# Task brief
Each entry that follows is to be duplicated exactly, without its images.

[Saved entries]
╔══

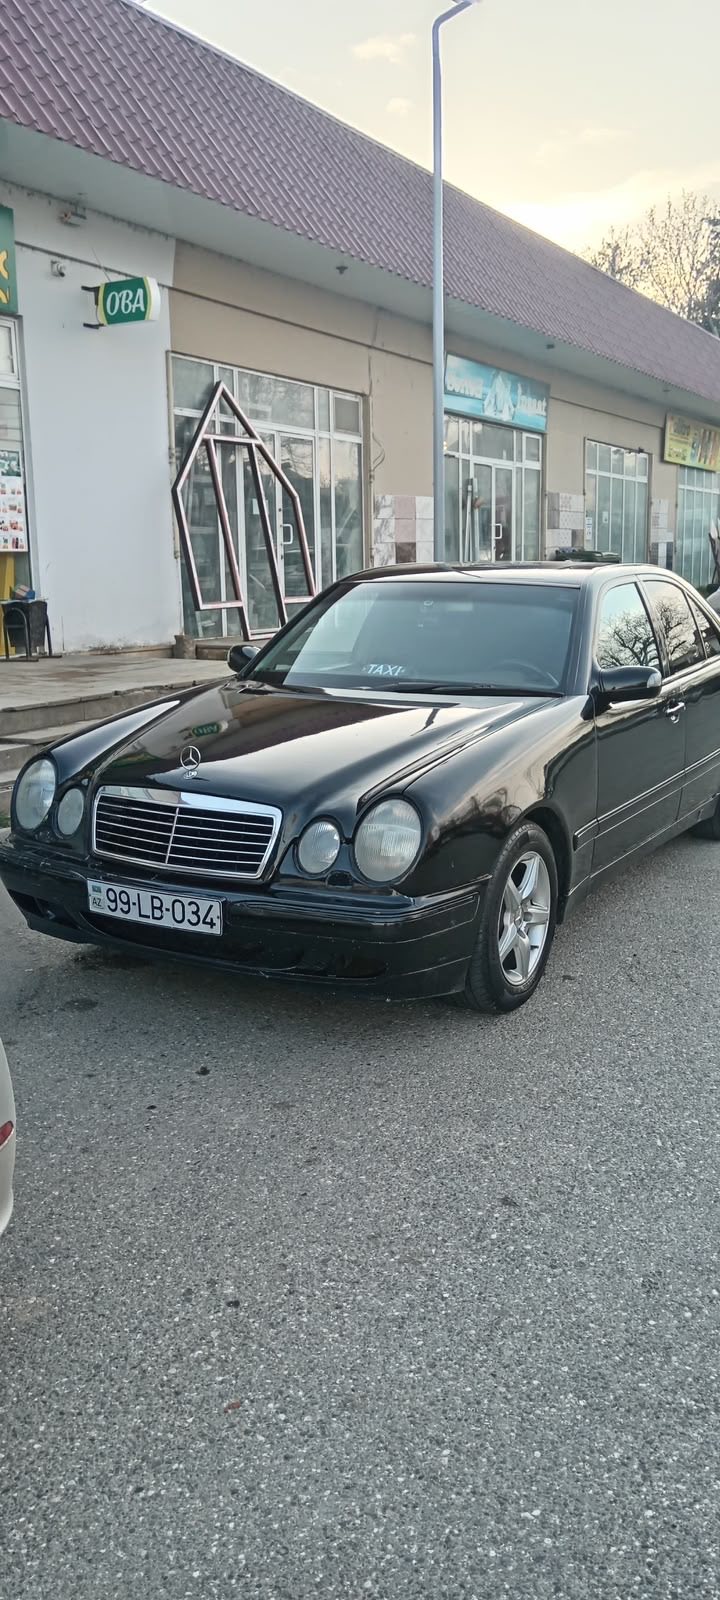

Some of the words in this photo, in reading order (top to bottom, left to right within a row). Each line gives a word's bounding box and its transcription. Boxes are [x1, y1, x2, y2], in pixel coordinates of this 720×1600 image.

[106, 288, 145, 316] OBA
[367, 663, 402, 676] TAXI
[92, 897, 102, 907] AZ
[106, 888, 216, 929] 99-LB-034
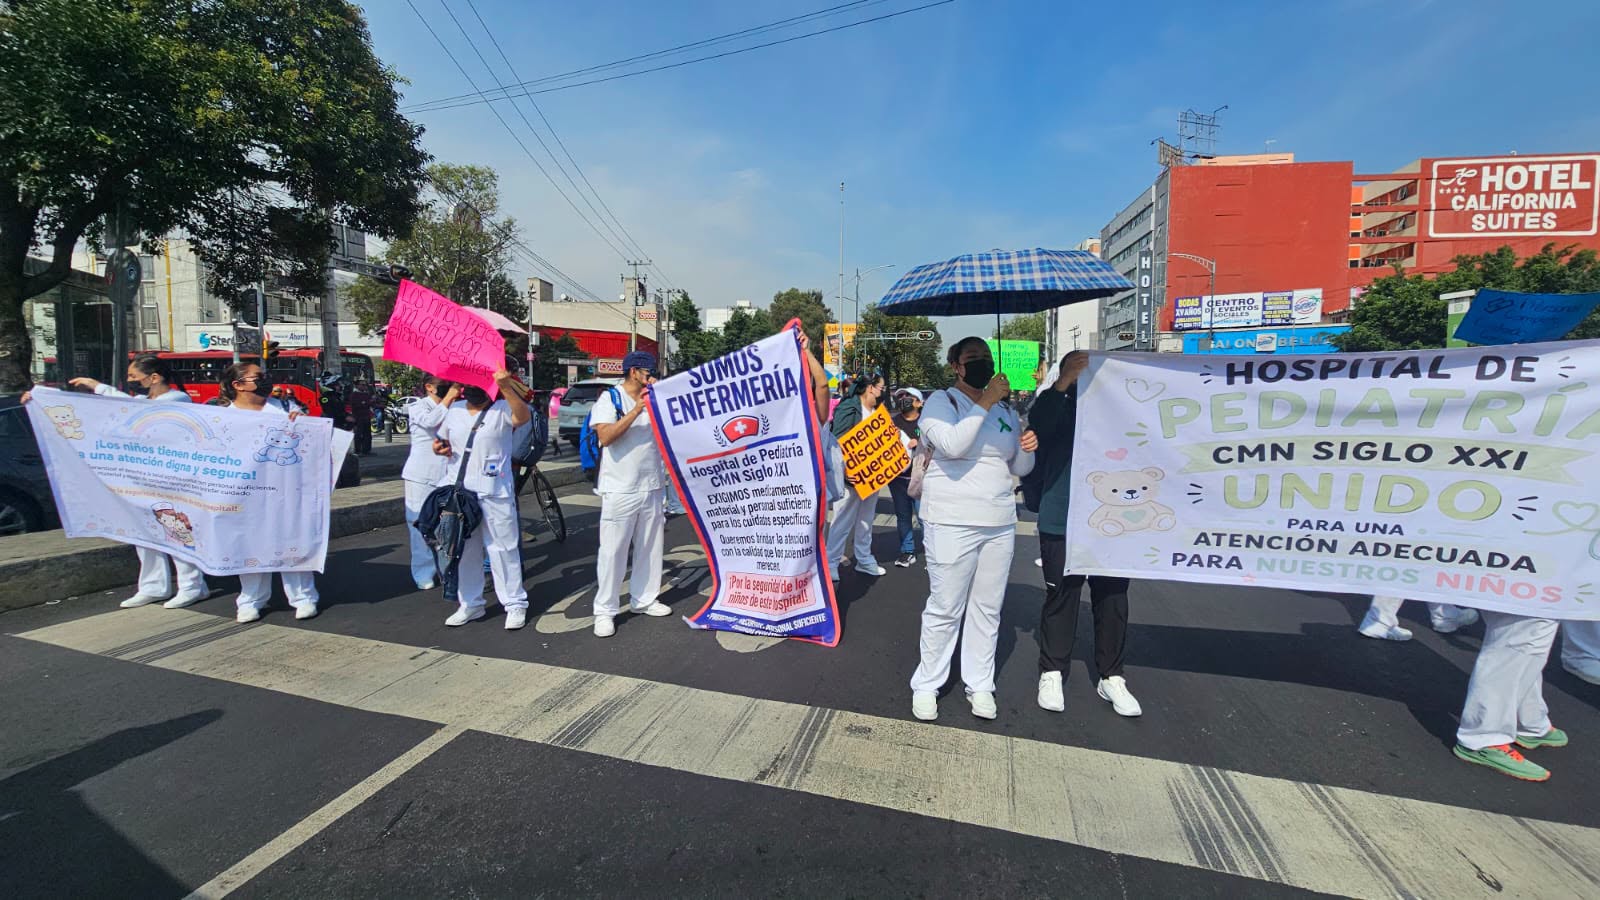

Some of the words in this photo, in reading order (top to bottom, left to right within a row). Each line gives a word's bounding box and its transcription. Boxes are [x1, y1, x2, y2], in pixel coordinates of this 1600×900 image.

[1481, 163, 1591, 191] HOTEL
[1451, 192, 1577, 211] CALIFORNIA
[1471, 212, 1558, 231] SUITES
[1141, 257, 1150, 343] HOTEL
[1207, 297, 1255, 307] CENTRO
[1218, 305, 1260, 313] EVENTOS
[600, 362, 623, 371] OXXO
[688, 344, 764, 389] SOMOS
[1226, 356, 1452, 386] HOSPITAL
[1475, 355, 1540, 382] DE
[665, 363, 799, 427] ENFERMERÍA
[841, 413, 886, 456] menos
[78, 451, 85, 459] a
[90, 451, 114, 461] una
[118, 454, 164, 468] atención
[166, 459, 191, 473] digna
[193, 466, 200, 475] y
[202, 467, 257, 480] segura!
[95, 440, 121, 450] ¡Los
[123, 441, 154, 454] niños
[157, 445, 190, 460] tienen
[191, 451, 242, 467] derecho
[690, 456, 740, 478] Hospital
[742, 453, 758, 468] de
[758, 442, 804, 461] Pediatría
[852, 440, 904, 486] querem
[1212, 442, 1296, 465] CMN
[1312, 441, 1434, 464] SIGLO
[1448, 445, 1529, 471] XXI
[711, 470, 742, 488] CMN
[742, 465, 773, 482] Siglo
[774, 462, 789, 478] XXI
[706, 504, 740, 518] material
[740, 506, 747, 516] y
[777, 497, 812, 510] suficiente
[707, 488, 750, 505] EXIGIMOS
[1223, 472, 1502, 521] UNIDO
[711, 520, 730, 531] para
[730, 517, 741, 528] los
[1287, 518, 1346, 534] PARA
[1354, 522, 1405, 536] UNA
[719, 534, 756, 545] Queremos
[776, 533, 783, 544] la
[721, 547, 734, 557] con
[734, 546, 741, 556] la
[774, 546, 784, 558] los
[1193, 531, 1338, 554] ATENCIÓN
[1349, 541, 1538, 574] ADECUADA
[730, 575, 743, 588] ¡Por
[744, 576, 751, 590] la
[781, 579, 792, 594] de
[794, 576, 809, 590] los
[1171, 552, 1244, 570] PARA
[1256, 557, 1420, 585] NUESTROS
[1435, 570, 1563, 602] NIÑOS
[728, 591, 748, 605] niños
[749, 593, 759, 607] de
[759, 597, 771, 609] este

╚══

# Task output
Some of the words in this photo, in reading order (top to bottom, left to right within a row). Each line gives a word's bounding box and its transcription. Boxes are [x1, y1, x2, y2], in pixel coordinates of this 720×1600 image.

[106, 288, 145, 316] OBA
[367, 663, 402, 676] TAXI
[92, 897, 102, 907] AZ
[106, 888, 216, 929] 99-LB-034

Some of the words in this photo, in reading order (top to bottom, left to right within a row). Each line gives a word's bounding box and its transcription. Boxes are [x1, y1, x2, y2], in pixel coordinates of this 1600×900 image.

[1481, 163, 1591, 191] HOTEL
[1451, 192, 1577, 211] CALIFORNIA
[1471, 212, 1558, 231] SUITES
[1141, 257, 1150, 343] HOTEL
[1207, 297, 1255, 307] CENTRO
[1218, 305, 1260, 313] EVENTOS
[600, 362, 623, 371] OXXO
[688, 344, 764, 389] SOMOS
[1226, 356, 1452, 386] HOSPITAL
[1475, 355, 1540, 382] DE
[665, 363, 799, 427] ENFERMERÍA
[841, 413, 886, 456] menos
[78, 451, 85, 459] a
[90, 451, 114, 461] una
[118, 454, 164, 468] atención
[166, 459, 191, 473] digna
[193, 466, 200, 475] y
[202, 467, 257, 480] segura!
[95, 440, 121, 450] ¡Los
[123, 441, 154, 454] niños
[157, 445, 190, 460] tienen
[191, 451, 242, 467] derecho
[690, 456, 740, 478] Hospital
[742, 453, 758, 468] de
[758, 442, 804, 461] Pediatría
[852, 440, 904, 486] querem
[1212, 442, 1296, 465] CMN
[1312, 441, 1434, 464] SIGLO
[1448, 445, 1529, 471] XXI
[711, 470, 742, 488] CMN
[742, 465, 773, 482] Siglo
[774, 462, 789, 478] XXI
[706, 504, 740, 518] material
[740, 506, 747, 516] y
[777, 497, 812, 510] suficiente
[707, 488, 750, 505] EXIGIMOS
[1223, 472, 1502, 521] UNIDO
[711, 520, 730, 531] para
[730, 517, 741, 528] los
[1287, 518, 1346, 534] PARA
[1354, 522, 1405, 536] UNA
[719, 534, 756, 545] Queremos
[776, 533, 783, 544] la
[721, 547, 734, 557] con
[734, 546, 741, 556] la
[774, 546, 784, 558] los
[1193, 531, 1338, 554] ATENCIÓN
[1349, 541, 1538, 574] ADECUADA
[730, 575, 743, 588] ¡Por
[744, 576, 751, 590] la
[781, 579, 792, 594] de
[794, 576, 809, 590] los
[1171, 552, 1244, 570] PARA
[1256, 557, 1420, 585] NUESTROS
[1435, 570, 1563, 602] NIÑOS
[728, 591, 748, 605] niños
[749, 593, 759, 607] de
[759, 597, 771, 609] este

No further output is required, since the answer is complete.